Exercise goal: For every entry, reproduce the wording exactly and omit any image it holds.

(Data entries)
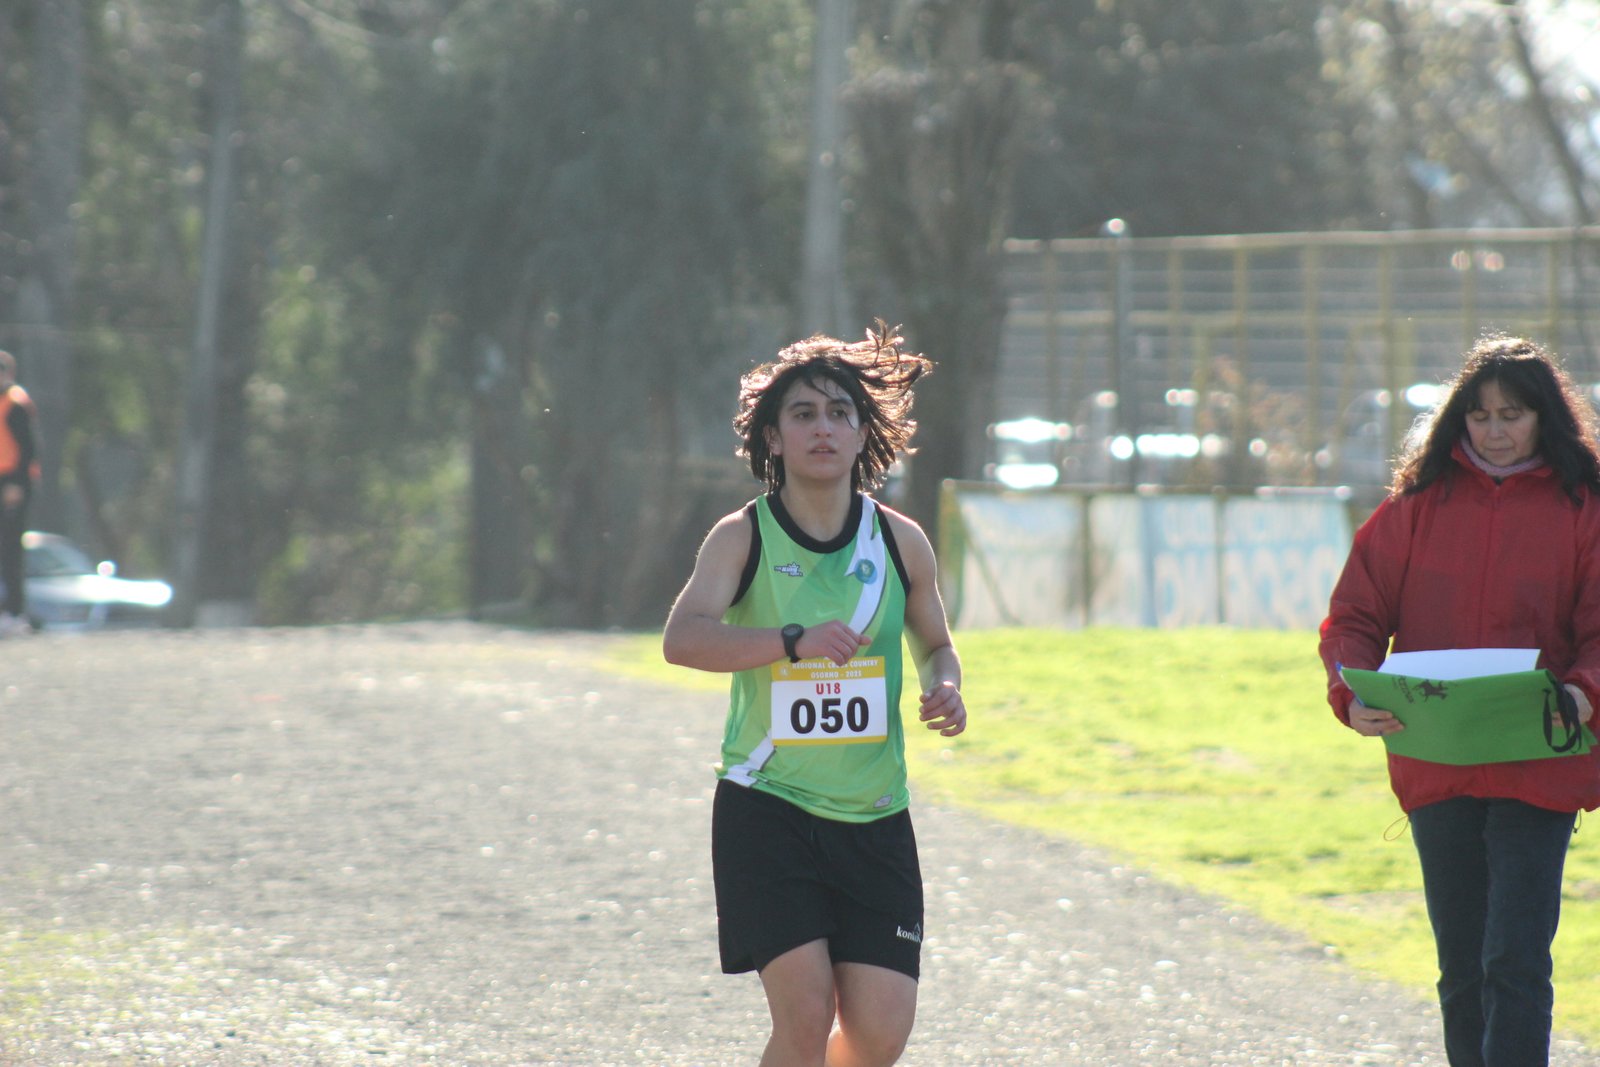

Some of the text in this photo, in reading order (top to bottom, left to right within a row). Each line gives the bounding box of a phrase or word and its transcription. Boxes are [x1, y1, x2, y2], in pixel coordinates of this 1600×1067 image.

[792, 661, 825, 669] REGIONAL
[850, 659, 878, 668] COUNTRY
[811, 671, 838, 679] OSORNO
[816, 683, 841, 695] U18
[790, 696, 869, 734] 050
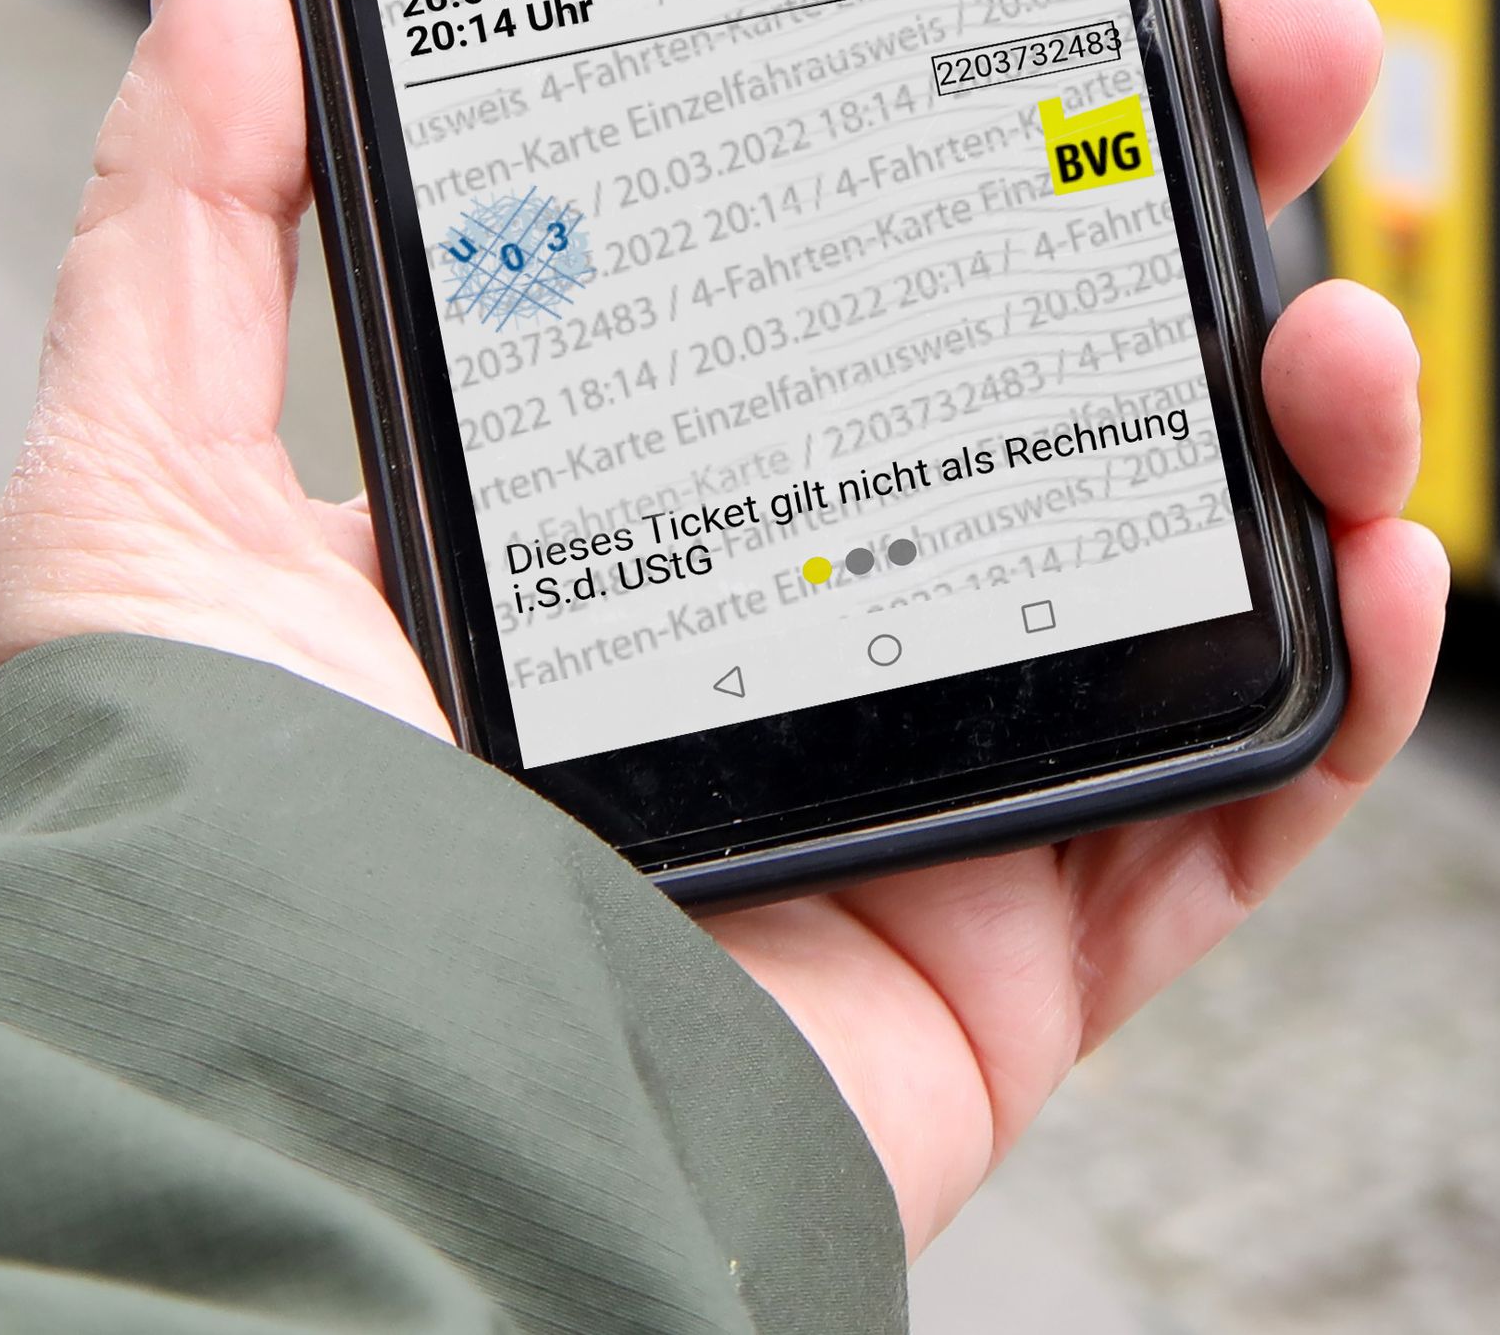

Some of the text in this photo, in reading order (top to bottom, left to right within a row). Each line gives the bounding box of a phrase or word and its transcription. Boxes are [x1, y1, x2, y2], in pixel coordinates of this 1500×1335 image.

[406, 7, 517, 58] 20:14
[628, 14, 943, 139] Einzelfahrausweis
[936, 26, 1123, 88] 2203732483
[615, 117, 808, 208] 20.03.2022
[1055, 131, 1142, 184] BVG
[448, 295, 657, 391] 203732483
[688, 198, 971, 311] 4-Fahrten-Karte
[560, 358, 657, 419] 18:14
[690, 283, 885, 376] 20.03.2022
[673, 316, 990, 445] Einzelfahrausweis
[506, 408, 1190, 575] Dieses Ticket gilt nicht als Rechnung
[515, 544, 713, 614] i.S.d. UStG

Reply:
Some of the text in this photo, in reading order (top to bottom, left to right within a row). Each line gives the bounding box of a phrase or word and its transcription. Boxes are [x1, y1, x2, y2], in pixel coordinates of this 1600×1067 image.

[792, 661, 825, 669] REGIONAL
[850, 659, 878, 668] COUNTRY
[811, 671, 838, 679] OSORNO
[816, 683, 841, 695] U18
[790, 696, 869, 734] 050

Some of the text in this photo, in reading order (top to bottom, left to right within a row). Each line gives the bounding box of a phrase or word and its transcription. Boxes are [x1, y1, x2, y2], in pixel coordinates of this 1500×1335 image.

[406, 7, 517, 58] 20:14
[628, 14, 943, 139] Einzelfahrausweis
[936, 26, 1123, 88] 2203732483
[615, 117, 808, 208] 20.03.2022
[1055, 131, 1142, 184] BVG
[448, 295, 657, 391] 203732483
[688, 198, 971, 311] 4-Fahrten-Karte
[560, 358, 657, 419] 18:14
[690, 283, 885, 376] 20.03.2022
[673, 316, 990, 445] Einzelfahrausweis
[506, 408, 1190, 575] Dieses Ticket gilt nicht als Rechnung
[515, 544, 713, 614] i.S.d. UStG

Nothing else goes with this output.